= Twist compression tester =

The twist compression tester (TCT) is a hydraulically operated bench-top apparatus used to evaluate the level of friction or wear (or both) between two materials under lubricated or non-lubricated conditions.

Under controlled conditions, a rotating annular specimen is brought into contact with a non-rotating flat specimen. Specimens can be prepared from die materials, sheet or plate materials, metals or plastics.

The applied normal force and the torque are measured, and the coefficient of friction is calculated.

Although the twist-compression test does not simulate an actual process, it has been demonstrated to correlate well with processes where boundary lubrication predominates and lubricant depletion occurs.

The twist compression tester is an invaluable diagnostic tool for: evaluating lubricants, materials and coatings; screening products for production; understanding the effect of additives in a lubricant; and many other value-added testing scenarios.

The twist compression tester was developed by Professor John Schey formerly of the University of Waterloo, and is manufactured, according to his design, under exclusive license by the Industrial Research + Development Institute (Midland, Ontario, Canada).
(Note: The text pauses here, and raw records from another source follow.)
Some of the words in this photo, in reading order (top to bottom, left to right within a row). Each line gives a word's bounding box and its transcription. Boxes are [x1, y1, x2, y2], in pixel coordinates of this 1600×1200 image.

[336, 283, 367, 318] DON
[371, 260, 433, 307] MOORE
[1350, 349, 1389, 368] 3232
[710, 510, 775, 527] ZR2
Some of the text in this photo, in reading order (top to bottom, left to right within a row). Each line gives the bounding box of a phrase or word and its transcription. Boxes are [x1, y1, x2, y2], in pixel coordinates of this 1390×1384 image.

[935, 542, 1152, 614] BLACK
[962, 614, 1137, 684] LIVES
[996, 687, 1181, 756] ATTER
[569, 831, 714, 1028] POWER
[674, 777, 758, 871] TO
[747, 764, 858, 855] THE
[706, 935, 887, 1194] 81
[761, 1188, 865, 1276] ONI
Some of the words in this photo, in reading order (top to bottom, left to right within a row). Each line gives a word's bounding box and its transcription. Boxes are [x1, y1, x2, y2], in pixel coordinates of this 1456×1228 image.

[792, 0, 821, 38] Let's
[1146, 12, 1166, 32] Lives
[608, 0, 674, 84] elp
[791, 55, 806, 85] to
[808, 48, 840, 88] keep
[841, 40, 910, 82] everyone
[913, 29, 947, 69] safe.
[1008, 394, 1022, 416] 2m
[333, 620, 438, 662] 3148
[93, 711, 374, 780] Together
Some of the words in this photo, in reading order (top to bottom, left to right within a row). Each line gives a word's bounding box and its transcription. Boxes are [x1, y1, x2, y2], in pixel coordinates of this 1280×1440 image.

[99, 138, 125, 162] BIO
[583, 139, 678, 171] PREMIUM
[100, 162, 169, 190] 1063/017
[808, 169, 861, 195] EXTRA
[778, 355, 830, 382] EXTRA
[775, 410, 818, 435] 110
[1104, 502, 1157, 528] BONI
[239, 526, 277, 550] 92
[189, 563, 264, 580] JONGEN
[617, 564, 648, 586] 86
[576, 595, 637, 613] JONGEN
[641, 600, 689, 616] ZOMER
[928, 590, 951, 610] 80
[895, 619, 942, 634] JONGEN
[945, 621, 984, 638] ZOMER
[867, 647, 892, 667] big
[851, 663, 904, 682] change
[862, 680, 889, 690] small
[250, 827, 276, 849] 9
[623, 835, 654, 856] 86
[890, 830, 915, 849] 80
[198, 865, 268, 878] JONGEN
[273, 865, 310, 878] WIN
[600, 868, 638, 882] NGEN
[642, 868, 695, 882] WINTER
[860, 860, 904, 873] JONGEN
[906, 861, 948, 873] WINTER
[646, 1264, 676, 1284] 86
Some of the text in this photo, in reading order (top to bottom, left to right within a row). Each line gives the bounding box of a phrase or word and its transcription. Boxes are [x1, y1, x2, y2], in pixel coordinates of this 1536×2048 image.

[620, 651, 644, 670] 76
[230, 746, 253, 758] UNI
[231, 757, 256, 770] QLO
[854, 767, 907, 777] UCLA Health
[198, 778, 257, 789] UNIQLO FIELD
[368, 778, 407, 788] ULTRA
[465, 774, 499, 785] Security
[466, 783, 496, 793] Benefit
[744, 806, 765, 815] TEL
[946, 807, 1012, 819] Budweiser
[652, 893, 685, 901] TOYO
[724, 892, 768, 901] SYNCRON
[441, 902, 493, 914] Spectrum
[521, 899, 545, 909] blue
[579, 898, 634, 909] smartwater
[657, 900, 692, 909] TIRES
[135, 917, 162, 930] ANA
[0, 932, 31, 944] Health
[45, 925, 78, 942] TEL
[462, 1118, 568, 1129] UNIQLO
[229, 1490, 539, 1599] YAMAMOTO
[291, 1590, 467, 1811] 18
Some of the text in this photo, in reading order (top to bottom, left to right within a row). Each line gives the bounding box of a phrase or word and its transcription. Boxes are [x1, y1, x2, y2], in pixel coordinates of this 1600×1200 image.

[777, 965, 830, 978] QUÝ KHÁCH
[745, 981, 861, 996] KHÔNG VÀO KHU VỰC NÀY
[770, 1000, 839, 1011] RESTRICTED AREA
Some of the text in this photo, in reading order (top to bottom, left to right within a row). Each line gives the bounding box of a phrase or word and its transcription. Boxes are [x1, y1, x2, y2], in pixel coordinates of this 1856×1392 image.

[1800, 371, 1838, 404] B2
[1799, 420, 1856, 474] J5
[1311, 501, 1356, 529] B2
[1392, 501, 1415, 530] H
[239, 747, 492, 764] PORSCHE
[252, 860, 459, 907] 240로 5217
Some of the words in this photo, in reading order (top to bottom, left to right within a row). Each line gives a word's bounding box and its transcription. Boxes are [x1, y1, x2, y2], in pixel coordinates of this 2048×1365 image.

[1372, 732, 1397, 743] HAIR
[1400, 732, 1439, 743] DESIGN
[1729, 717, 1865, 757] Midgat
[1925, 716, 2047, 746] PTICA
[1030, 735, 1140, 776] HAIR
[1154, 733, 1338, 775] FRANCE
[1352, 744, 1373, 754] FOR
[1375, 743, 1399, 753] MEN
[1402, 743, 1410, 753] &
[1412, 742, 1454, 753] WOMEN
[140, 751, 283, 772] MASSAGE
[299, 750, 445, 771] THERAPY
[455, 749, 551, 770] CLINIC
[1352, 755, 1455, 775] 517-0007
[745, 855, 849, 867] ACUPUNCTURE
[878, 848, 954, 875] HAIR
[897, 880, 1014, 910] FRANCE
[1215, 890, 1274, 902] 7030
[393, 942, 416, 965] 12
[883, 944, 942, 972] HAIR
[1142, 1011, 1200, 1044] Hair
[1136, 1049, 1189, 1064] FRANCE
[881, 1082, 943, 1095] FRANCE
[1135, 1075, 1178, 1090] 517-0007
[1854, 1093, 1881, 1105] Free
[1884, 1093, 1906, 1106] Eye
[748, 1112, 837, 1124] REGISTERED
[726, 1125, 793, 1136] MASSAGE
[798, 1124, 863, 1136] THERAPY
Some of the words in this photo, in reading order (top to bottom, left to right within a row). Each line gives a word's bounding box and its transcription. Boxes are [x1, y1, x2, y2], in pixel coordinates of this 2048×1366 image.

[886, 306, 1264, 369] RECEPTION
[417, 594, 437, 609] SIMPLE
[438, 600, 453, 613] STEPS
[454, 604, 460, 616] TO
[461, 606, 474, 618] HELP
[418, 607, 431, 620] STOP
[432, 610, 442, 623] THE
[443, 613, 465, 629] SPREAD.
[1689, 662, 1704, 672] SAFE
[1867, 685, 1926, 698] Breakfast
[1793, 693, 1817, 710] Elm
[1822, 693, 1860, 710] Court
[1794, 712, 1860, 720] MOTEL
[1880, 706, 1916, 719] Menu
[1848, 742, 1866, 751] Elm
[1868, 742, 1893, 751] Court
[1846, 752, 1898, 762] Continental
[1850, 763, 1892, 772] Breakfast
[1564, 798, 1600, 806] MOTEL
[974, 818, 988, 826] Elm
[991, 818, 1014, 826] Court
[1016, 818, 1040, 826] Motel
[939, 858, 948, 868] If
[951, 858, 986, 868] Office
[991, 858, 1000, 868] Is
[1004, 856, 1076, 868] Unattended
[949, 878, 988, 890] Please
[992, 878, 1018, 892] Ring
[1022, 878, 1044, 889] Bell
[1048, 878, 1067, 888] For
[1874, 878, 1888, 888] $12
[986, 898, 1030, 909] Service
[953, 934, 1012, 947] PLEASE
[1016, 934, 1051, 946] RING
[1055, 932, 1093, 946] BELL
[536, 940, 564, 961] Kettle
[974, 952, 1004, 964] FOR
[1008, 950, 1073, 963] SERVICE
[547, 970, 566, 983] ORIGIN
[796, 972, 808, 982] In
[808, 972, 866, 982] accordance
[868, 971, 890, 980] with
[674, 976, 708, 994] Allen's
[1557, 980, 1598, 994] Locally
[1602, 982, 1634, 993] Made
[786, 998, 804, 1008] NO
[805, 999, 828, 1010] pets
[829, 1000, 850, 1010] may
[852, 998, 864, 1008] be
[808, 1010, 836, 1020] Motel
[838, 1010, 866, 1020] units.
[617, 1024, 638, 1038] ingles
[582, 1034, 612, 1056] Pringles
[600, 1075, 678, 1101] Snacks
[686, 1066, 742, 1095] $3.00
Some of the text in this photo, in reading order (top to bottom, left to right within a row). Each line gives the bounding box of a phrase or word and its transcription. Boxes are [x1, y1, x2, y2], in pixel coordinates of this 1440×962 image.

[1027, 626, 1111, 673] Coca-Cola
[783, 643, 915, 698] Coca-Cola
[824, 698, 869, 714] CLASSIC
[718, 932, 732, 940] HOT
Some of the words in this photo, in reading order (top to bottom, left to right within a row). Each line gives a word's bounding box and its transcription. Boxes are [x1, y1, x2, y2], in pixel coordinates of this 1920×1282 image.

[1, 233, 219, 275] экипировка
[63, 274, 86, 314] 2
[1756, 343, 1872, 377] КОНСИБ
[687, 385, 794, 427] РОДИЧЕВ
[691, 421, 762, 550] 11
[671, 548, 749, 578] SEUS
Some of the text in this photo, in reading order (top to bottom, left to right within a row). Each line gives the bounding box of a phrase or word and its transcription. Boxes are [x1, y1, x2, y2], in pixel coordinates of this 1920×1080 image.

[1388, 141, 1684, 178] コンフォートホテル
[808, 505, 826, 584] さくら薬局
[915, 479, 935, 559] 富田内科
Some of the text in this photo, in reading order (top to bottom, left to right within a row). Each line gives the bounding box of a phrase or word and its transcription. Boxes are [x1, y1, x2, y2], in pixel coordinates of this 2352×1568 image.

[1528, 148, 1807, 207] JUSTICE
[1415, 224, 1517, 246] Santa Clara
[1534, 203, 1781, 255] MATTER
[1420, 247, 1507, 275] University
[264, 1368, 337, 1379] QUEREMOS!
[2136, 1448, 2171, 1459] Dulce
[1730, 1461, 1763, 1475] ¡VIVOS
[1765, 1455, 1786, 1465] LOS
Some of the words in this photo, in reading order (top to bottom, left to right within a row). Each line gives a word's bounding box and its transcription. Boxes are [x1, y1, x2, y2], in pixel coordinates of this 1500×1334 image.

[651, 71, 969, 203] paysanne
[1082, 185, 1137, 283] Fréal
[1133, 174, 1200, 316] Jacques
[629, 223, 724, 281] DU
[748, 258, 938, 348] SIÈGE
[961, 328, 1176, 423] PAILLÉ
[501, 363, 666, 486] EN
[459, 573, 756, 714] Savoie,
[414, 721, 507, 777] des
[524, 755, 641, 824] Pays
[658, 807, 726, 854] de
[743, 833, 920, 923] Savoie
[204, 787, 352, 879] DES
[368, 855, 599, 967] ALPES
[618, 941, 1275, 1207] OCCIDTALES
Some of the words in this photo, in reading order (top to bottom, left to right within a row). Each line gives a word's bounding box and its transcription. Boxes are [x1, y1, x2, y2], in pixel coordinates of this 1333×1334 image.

Tribsys is also manufacturing a twist compression machine and other approaches have been used with the Falex MCTT MultiContactTriboTester in thrust-washer configurations.

In addition to twist compression testing, other experimental methods have been developed to evaluate friction behaviour in sheet metal forming processes. For example, strip-drawing tests have been used to investigate the influence of surface topography on the coefficient of friction under controlled contact conditions. Recent studies have demonstrated that machine learning techniques such as Kohonen self-organising maps can be applied to classify friction regimes and to analyse the relationship between surface structure and tribological performance in forming operations.